Analysing oxylipins to understand their roles in common diseases, including inflammation, cancer, dementia and cardiovascular disease, is rapidly gaining in interest worldwide, but presents particular technical challenges.
The importance of these lipids for human health and disease is well-established. For example, preventing their formation is how common non-steroidal anti-inflammatory drugs and aspirin work.
The Oxylipin Analysis interest group of the International Lipidomics Society (ILS), led by Professors Valerie O’Donnell (Cardiff University, UK) and Nils Helge Schebb (University of Wuppertal, Germany), has now completed an initiative where almost 100 researchers from more than 70 institutions developed detailed recommendations for oxylipin analysis.
Dr Irundika Dias, Professor Corinne Spickett and Dr Ivana Milic (shown left to right), who are all members of the Aston Institute for Membrane Excellence, were amongst the experts consulted.
They said: “Researchers at Aston have been working on oxylipins and oxysterol analysis for more than 15 years and are delighted to have been part of this important international standards initiative through our European collaborations."
"We are applying these and similar approaches to measure specialised pro-resolving mediators and oxysterols in inflammatory conditions and wound healing.”
Oxylipins were first discovered in the 1930s, but the biological functions of many oxylipins are not yet fully understood. Therefore, researchers need to have access to robust analytical methods that allow for their sensitive and selective quantification.
During the past two decades, the state-of-the-art techniques such as targeted liquid chromatography (LC) tandem mass spectrometry (MS/MS) have been developed that enable the routine analysis of up to 200 individual molecular species in small quantities in a single analytical run.

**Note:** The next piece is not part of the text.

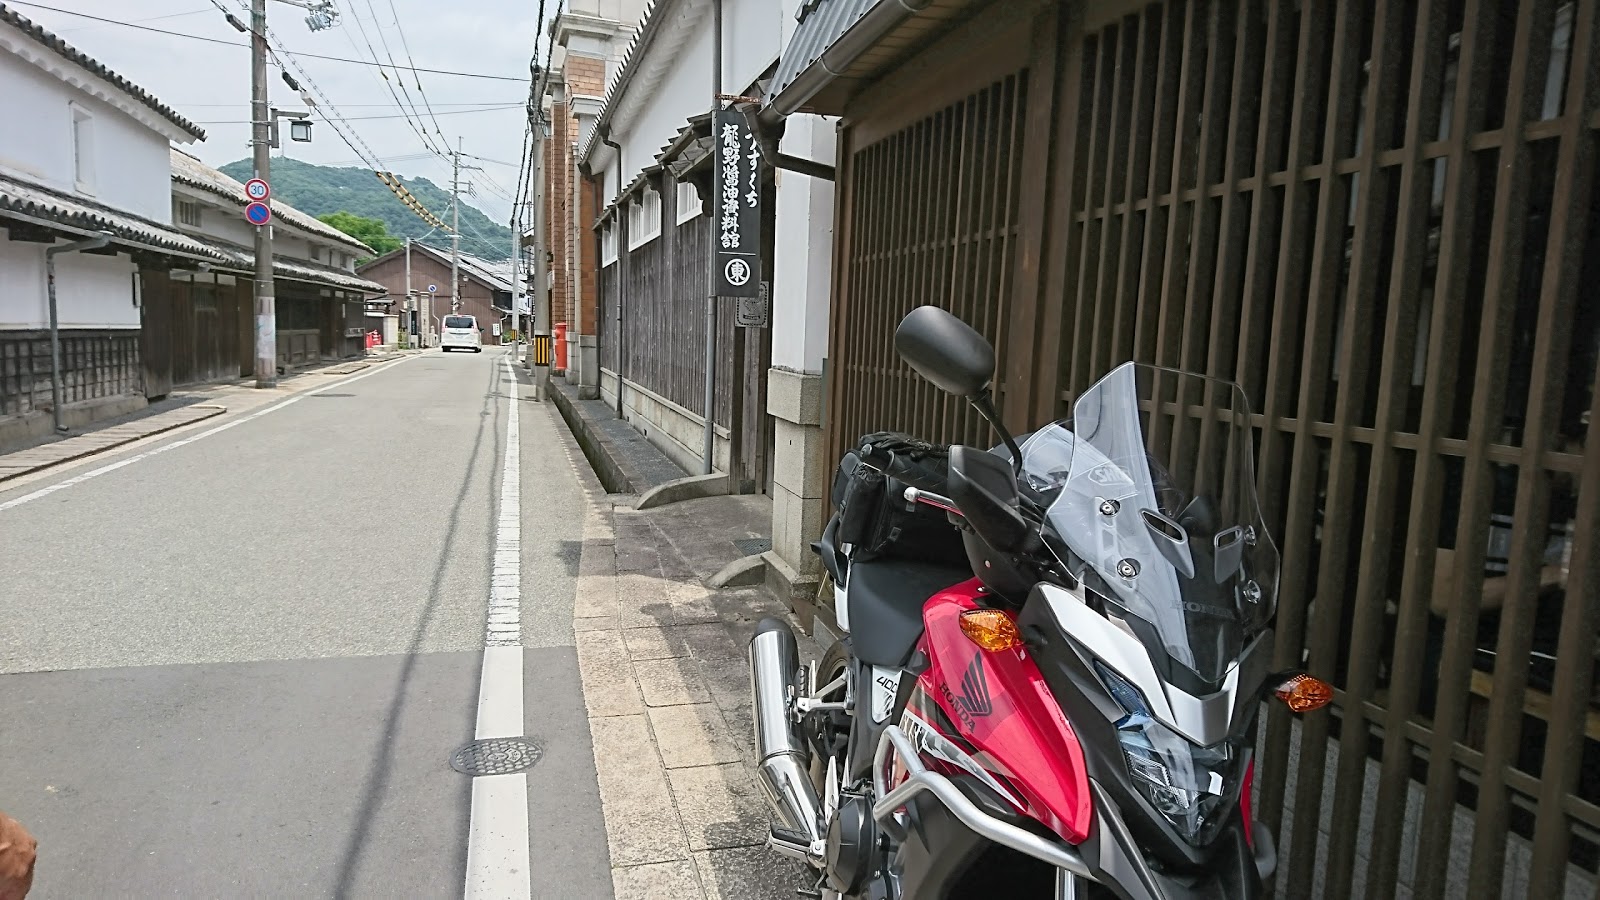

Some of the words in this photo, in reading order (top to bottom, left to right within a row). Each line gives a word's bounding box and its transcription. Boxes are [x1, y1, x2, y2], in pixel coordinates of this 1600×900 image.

However, given the inherent complexity of oxylipin analysis, there is a need for sharing best practice and providing advice, particularly for researchers who are new to this field.
Valerie O’Donnell said: “In response to a recognised need for expert guidance for oxylipin analysis, we were delighted with the input and feedback we had from such a large number of our colleagues worldwide.”
Nils Helge Schebb said: “These recommendations now represent the benchmark for the field, which we hope will lead to reproducible studies improving our understanding of the role of oxylipins in health and disease.”